Starting at the line that contains "this 2212×1659 image.", transcribe each line exactly through the last line of the data. Include nothing else.

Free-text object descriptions

···

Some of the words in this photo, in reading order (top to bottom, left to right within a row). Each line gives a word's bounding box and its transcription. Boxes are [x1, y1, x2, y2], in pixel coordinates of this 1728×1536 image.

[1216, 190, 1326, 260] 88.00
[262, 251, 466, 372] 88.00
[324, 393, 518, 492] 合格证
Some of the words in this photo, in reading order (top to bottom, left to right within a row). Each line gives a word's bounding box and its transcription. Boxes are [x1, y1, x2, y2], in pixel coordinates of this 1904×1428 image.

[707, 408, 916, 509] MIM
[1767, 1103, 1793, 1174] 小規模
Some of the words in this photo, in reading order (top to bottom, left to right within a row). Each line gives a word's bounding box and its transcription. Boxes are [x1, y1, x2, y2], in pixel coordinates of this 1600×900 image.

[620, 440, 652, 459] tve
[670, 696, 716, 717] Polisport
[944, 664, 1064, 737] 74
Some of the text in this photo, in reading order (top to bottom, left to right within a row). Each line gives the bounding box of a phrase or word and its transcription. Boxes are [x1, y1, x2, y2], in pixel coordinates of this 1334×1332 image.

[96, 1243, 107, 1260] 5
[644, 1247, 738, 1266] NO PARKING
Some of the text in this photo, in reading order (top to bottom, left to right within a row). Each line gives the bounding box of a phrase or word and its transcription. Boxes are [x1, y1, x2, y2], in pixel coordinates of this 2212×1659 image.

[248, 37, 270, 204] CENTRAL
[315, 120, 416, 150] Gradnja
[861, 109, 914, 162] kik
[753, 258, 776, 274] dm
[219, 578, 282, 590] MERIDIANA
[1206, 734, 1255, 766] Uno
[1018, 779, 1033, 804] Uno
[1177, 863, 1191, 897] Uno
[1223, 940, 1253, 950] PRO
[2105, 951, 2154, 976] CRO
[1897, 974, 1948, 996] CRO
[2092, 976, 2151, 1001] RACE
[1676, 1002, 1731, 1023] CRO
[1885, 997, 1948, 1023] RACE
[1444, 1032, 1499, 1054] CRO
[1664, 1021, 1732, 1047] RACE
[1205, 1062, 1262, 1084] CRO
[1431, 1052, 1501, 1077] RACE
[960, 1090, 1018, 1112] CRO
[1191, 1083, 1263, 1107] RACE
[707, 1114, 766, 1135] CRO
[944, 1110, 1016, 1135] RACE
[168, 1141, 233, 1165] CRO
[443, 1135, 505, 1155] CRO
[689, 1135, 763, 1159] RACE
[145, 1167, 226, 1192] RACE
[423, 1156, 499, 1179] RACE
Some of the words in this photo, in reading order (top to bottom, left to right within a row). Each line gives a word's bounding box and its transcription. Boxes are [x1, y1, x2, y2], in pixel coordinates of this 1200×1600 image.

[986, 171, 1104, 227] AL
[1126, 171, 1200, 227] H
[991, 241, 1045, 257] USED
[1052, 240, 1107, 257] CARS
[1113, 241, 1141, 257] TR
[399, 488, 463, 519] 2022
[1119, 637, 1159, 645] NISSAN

···

=== OUTPUT FOR THIS EXERCISE ===
Some of the text in this photo, in reading order (top to bottom, left to right within a row). Each line gives the bounding box of a phrase or word and its transcription. Boxes are [x1, y1, x2, y2], in pixel coordinates of this 2212×1659 image.

[248, 37, 270, 204] CENTRAL
[315, 120, 416, 150] Gradnja
[861, 109, 914, 162] kik
[753, 258, 776, 274] dm
[219, 578, 282, 590] MERIDIANA
[1206, 734, 1255, 766] Uno
[1018, 779, 1033, 804] Uno
[1177, 863, 1191, 897] Uno
[1223, 940, 1253, 950] PRO
[2105, 951, 2154, 976] CRO
[1897, 974, 1948, 996] CRO
[2092, 976, 2151, 1001] RACE
[1676, 1002, 1731, 1023] CRO
[1885, 997, 1948, 1023] RACE
[1444, 1032, 1499, 1054] CRO
[1664, 1021, 1732, 1047] RACE
[1205, 1062, 1262, 1084] CRO
[1431, 1052, 1501, 1077] RACE
[960, 1090, 1018, 1112] CRO
[1191, 1083, 1263, 1107] RACE
[707, 1114, 766, 1135] CRO
[944, 1110, 1016, 1135] RACE
[168, 1141, 233, 1165] CRO
[443, 1135, 505, 1155] CRO
[689, 1135, 763, 1159] RACE
[145, 1167, 226, 1192] RACE
[423, 1156, 499, 1179] RACE
Some of the words in this photo, in reading order (top to bottom, left to right within a row). Each line gives a word's bounding box and its transcription. Boxes are [x1, y1, x2, y2], in pixel coordinates of this 1200×1600 image.

[986, 171, 1104, 227] AL
[1126, 171, 1200, 227] H
[991, 241, 1045, 257] USED
[1052, 240, 1107, 257] CARS
[1113, 241, 1141, 257] TR
[399, 488, 463, 519] 2022
[1119, 637, 1159, 645] NISSAN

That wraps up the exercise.